When we got the verdict on Cookie's issues with her back legs and she was ordered strict rest, my heart was breaking for her.
Cookie is a very active dog and she loves being active.
She loves running and hunting her little critters. She loves playing with JD and going for hikes. Now all that was suddenly taken away from her. How was she going to get through that?
First thing I immediately pointed out to the orthopedic specialist was that she won't be able to do this without some chemical help. Which is what we started her on.
She still needed to be doing SOMETHING.
We of course play all sorts of training and shaping games but I felt we need to find more ways of entertaining her.
I was always both intrigued and skeptical about the puzzle toys for dogs.
At first sight these things look awesome. Working the dog's brain, providing mental challenge. But how long would this last? How much mental challenge would they be once the dog figures out how it works?
Some of these things are pretty expensive and I didn't feel like spending all that money on something that might last a few days at best.
We experimented with some DIY games, such as a muffin tin and tennis balls.
Cookie did indeed figure out how it works very quickly and after than was more interested in the balls than working with the puzzle.
When she was ordered strict rest, though, I decided to revisit the idea.
Perhaps not as much because I had high hopes for it to do something amazing but because I needed to feel I was trying to do something nice for her.
On the way from the orthopedic consultation, hubby took me to one of the pet stores and I went looking for puzzle games.
They had three of those, fortunately quite cheap. They did look a bit too simple in principle but I was going to try anyway. Unfortunately, the one that looked most intriguing was a "factory lemon". I'm glad I found out before I brought it home. I asked the girl at the store if we could take it out of the box so I could check it out and see what it does. Turned out that the part that was supposed to turn was not doing that very well, getting stuck and making agonizing noise when forced.
I then had the other two opened and checked them out.
They worked the way they should. Were they going to provide any worthy entertainment for Cookie?
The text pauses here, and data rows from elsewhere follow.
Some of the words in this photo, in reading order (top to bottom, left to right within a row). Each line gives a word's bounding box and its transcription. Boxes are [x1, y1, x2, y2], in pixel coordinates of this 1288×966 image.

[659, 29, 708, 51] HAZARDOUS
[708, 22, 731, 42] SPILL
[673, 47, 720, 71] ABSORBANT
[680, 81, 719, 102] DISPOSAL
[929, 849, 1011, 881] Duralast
That remained to be seen. For about $25 each I got both of them.
We opened them up as soon as we got home and Cookie got to try them.
As I suspected, she figured out how they work right on the spot. Which meant that each fill lasted just seconds. But when refilled, she was happy to work the treats out of it again and again.
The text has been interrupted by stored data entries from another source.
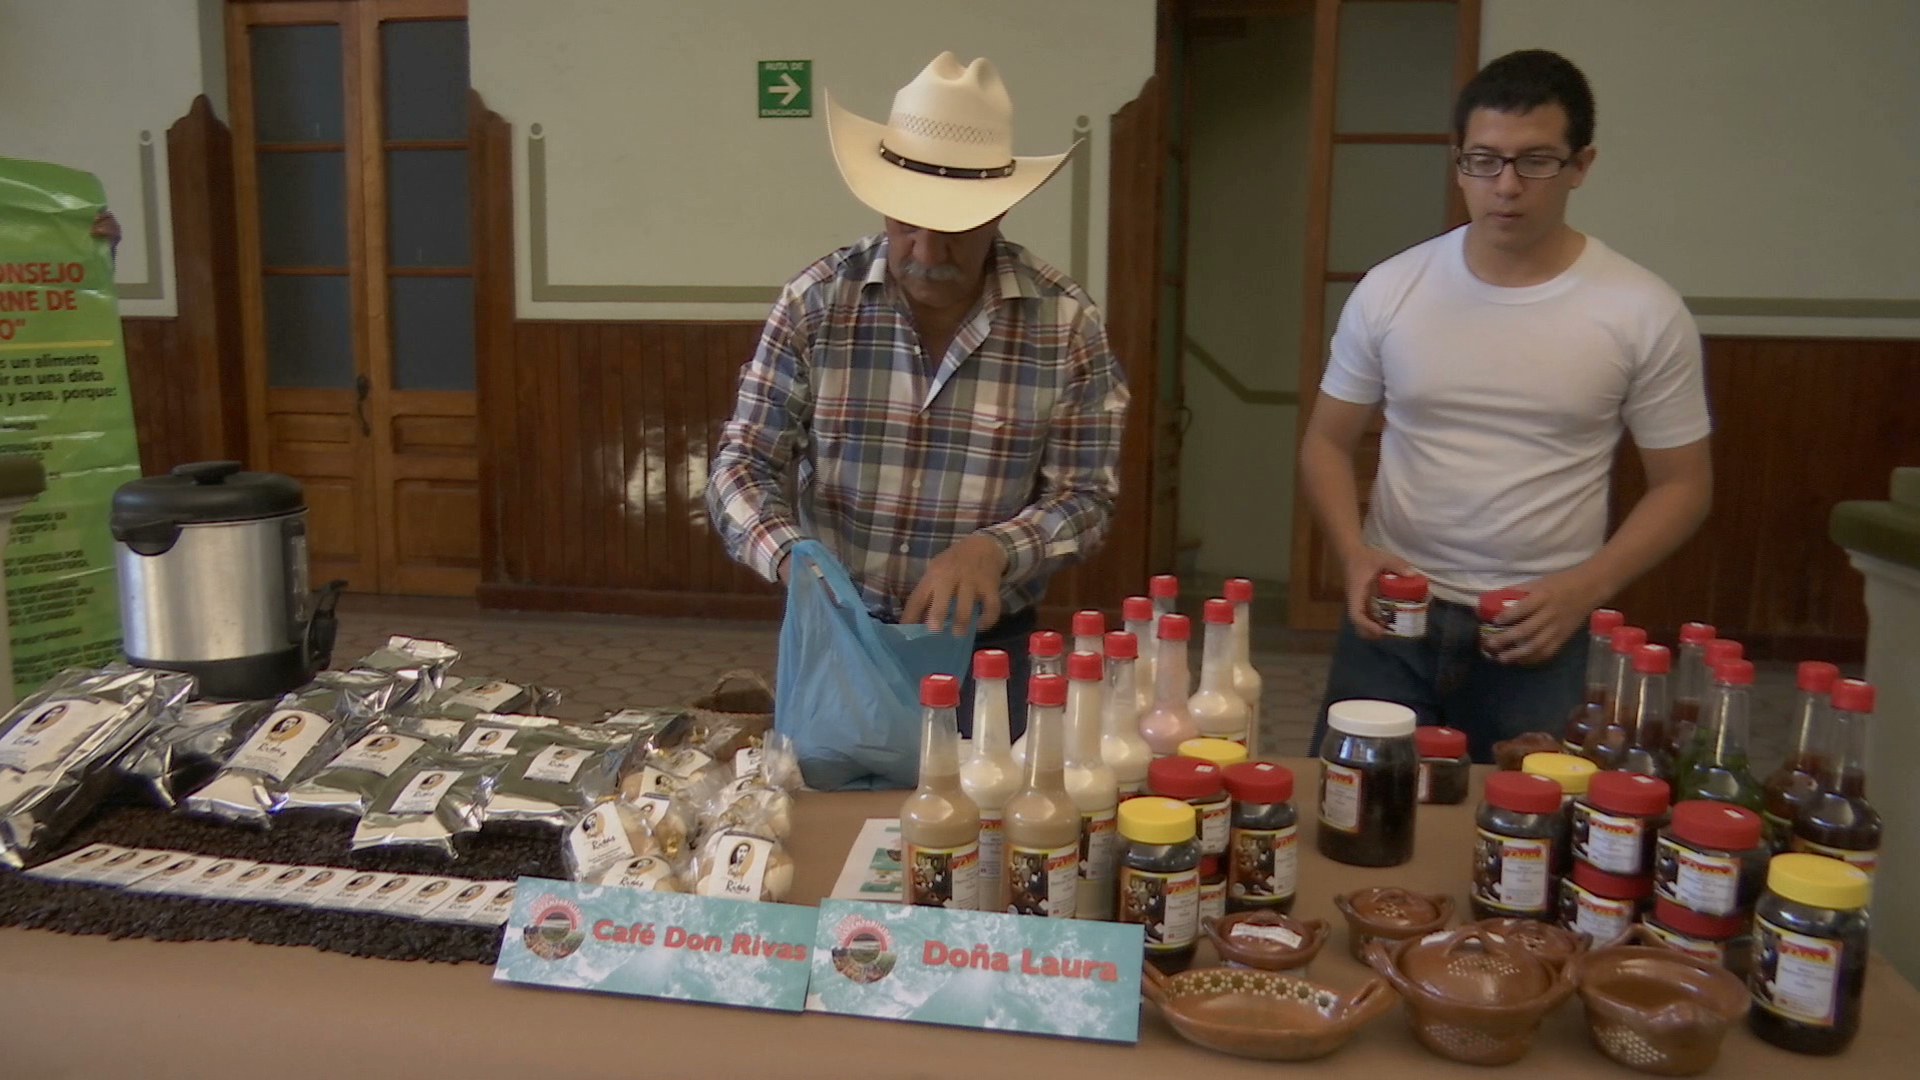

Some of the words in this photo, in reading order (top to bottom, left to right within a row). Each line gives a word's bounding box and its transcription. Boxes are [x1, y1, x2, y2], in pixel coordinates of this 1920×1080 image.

[46, 290, 78, 310] DE
[35, 354, 99, 368] alimento
[37, 373, 64, 384] una
[69, 369, 104, 382] dieta
[592, 835, 616, 850] Rivas
[726, 879, 751, 895] Rivas
[592, 919, 655, 946] Café
[664, 926, 722, 952] Don
[731, 933, 808, 961] Rivas
[922, 940, 1009, 972] Doña
[1020, 949, 1118, 982] Laura
Of course, can have her play with it too long and have to make sure the treats I use are tiny. But she is having fun with it.
A month after we got those games, she still has fun using them.
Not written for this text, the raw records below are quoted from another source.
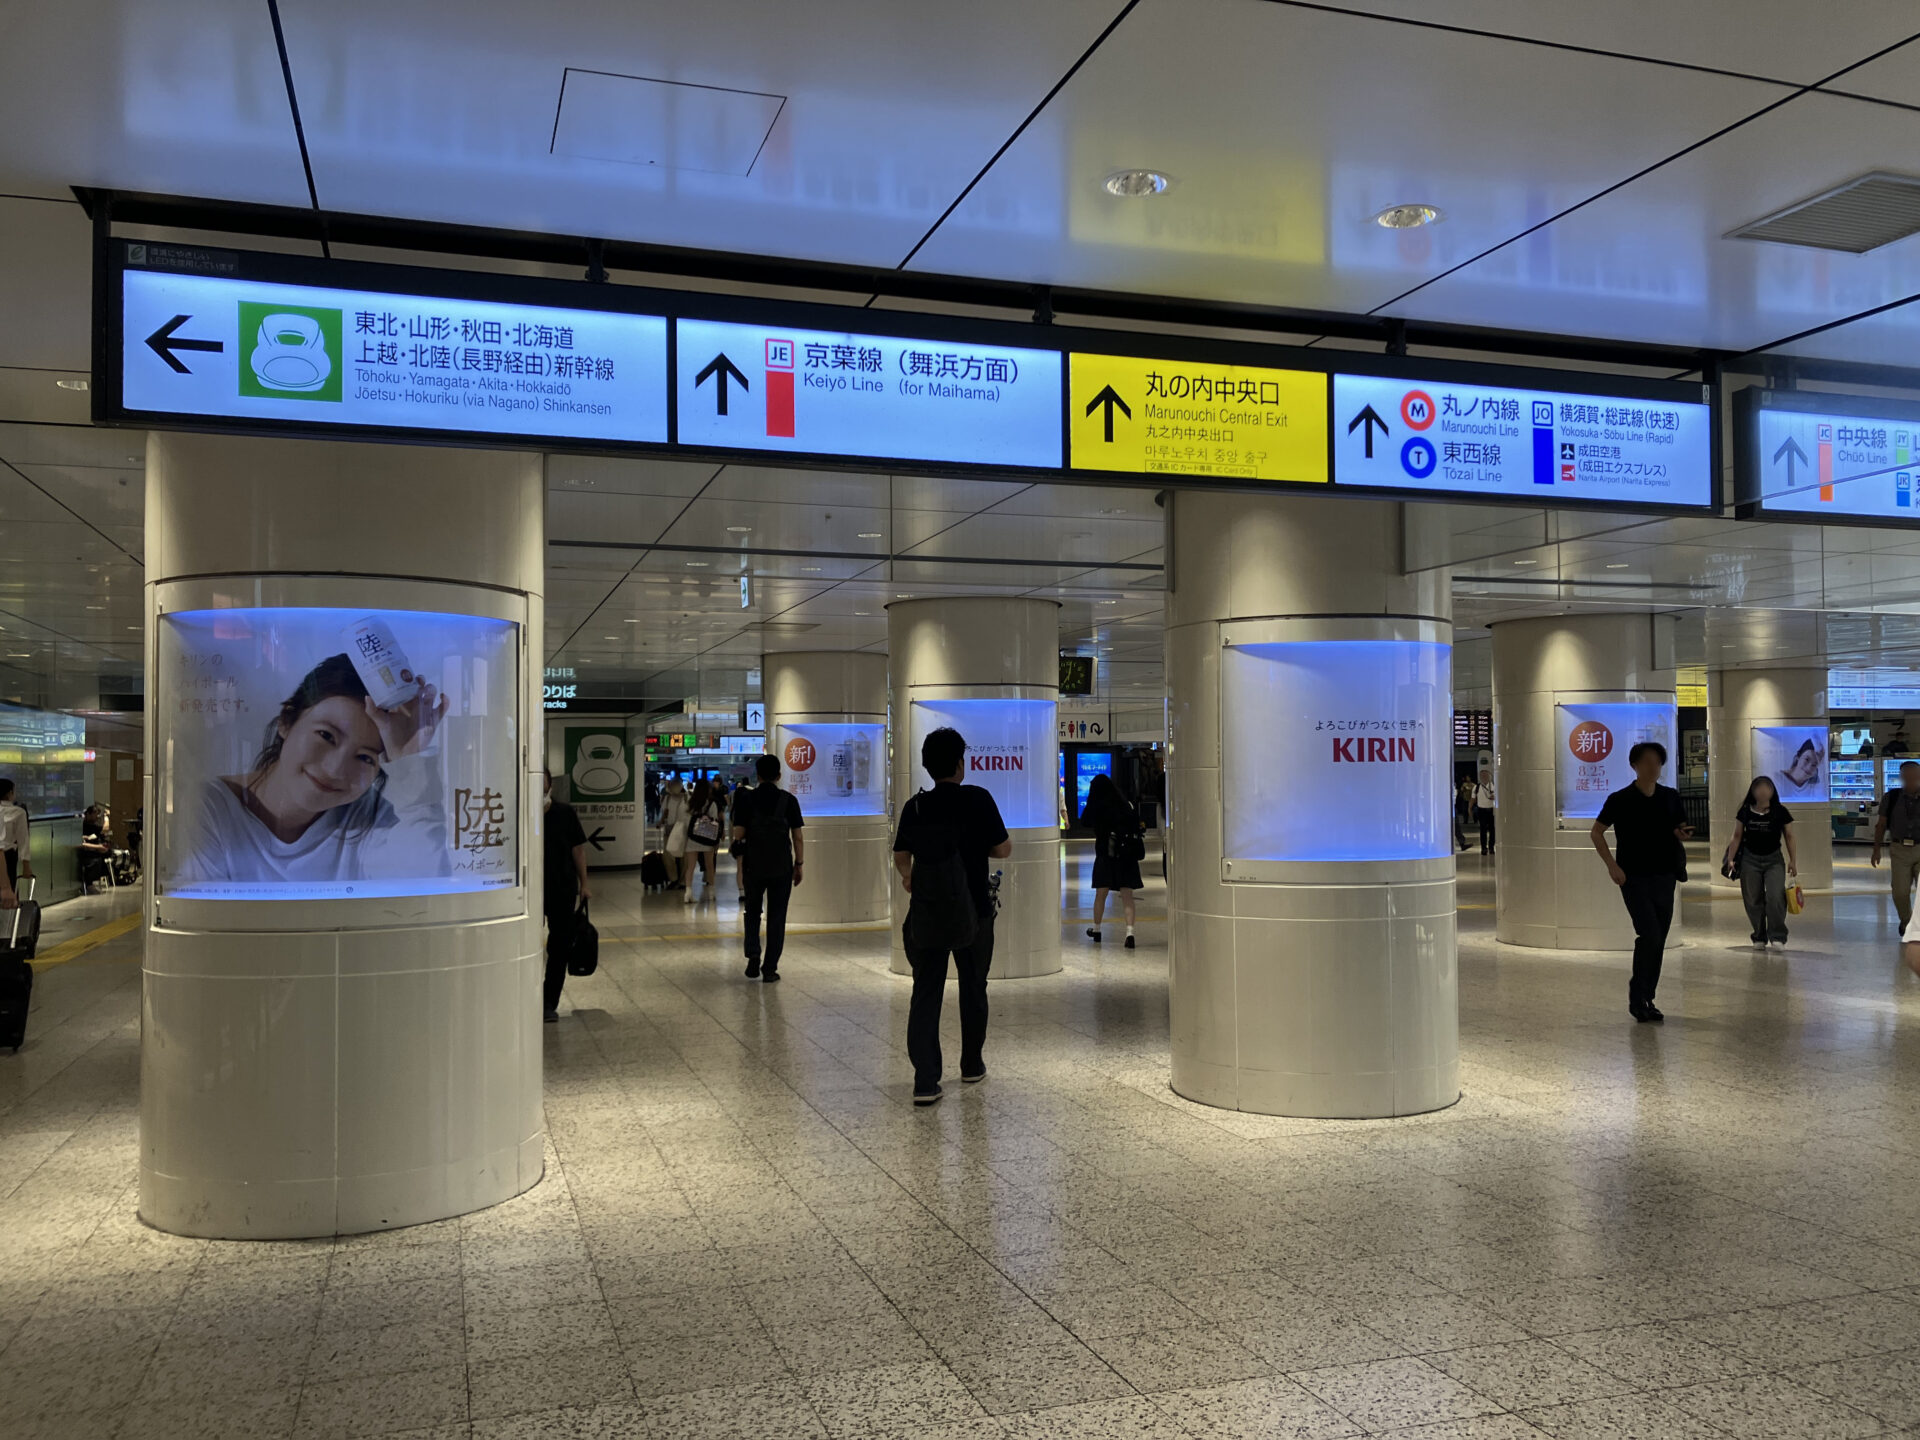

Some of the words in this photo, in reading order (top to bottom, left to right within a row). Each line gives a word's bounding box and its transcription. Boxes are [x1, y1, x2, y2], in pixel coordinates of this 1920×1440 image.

[150, 247, 211, 260] にやさしい
[150, 257, 234, 272] LEDを用しています
[355, 311, 574, 350] 東北・山形・秋田・北海道
[354, 340, 615, 381] 上越・北陸(長野経由)新幹線
[771, 346, 788, 361] JE
[804, 342, 883, 372] 京葉線
[899, 349, 1019, 384] (舞浜方面)
[804, 373, 847, 392] Keiyō
[852, 376, 884, 392] Line
[899, 378, 924, 396] (for
[929, 382, 1000, 402] Maihama)
[1145, 371, 1280, 406] 丸の内中央口
[463, 392, 485, 408] (via
[488, 394, 540, 412] Nagano)
[543, 398, 612, 415] Shinkansen
[1442, 393, 1520, 421] 丸ノ内線
[1145, 403, 1216, 422] Marunouchi
[1219, 408, 1262, 425] Central
[1266, 412, 1288, 428] Exit
[1535, 408, 1550, 420] JO
[1560, 403, 1680, 431] 横須賀・総武線(快速)
[1146, 424, 1234, 442] 丸之内中央出口
[1442, 420, 1497, 435] Marunouchi
[1499, 424, 1519, 437] Line
[1820, 428, 1830, 438] JC
[1627, 430, 1643, 442] Line
[1645, 432, 1674, 446] (Rapid)
[1838, 426, 1888, 449] 中央線
[1898, 434, 1907, 444] JY
[1442, 440, 1502, 466] 東西線
[1578, 444, 1621, 459] 成田空港
[1867, 452, 1888, 465] Line
[1478, 468, 1503, 482] Line
[1578, 459, 1667, 477] (成田エクスプレス)
[1579, 474, 1597, 482] Narita
[1600, 475, 1620, 484] Airport
[1622, 476, 1642, 485] (Narita
[1644, 478, 1671, 487] Express)
[1899, 476, 1908, 486] JK
[544, 700, 568, 709] racks
[1333, 737, 1415, 762] KIRIN
[1575, 730, 1607, 754] 新!
[971, 755, 1023, 771] KIRIN
[1578, 765, 1606, 777] 8.25
[455, 787, 505, 851] 陸
[454, 858, 505, 873] ハイボール
I know that I have to refill them very frequently so I just have a bag of treats right there with me. She gets the treats out and I refill. And so we go on that way a few times with each of the toys.
She does look forward to this and has fun working it.
After the first half minute when she had to figure out how they work it doesn't involve much of problem solving any more. But it still involves manipulating the objects in order to get the reward. There are couple pieces which she needs to take into her mouth "just so" to be able to get them out because they don't stick out enough, whether that's on purpose or not. But she does find the only one direction at which to grab them in order to be able to get them out.
If she wasn't raw-fed, I'd serve all her meals in these.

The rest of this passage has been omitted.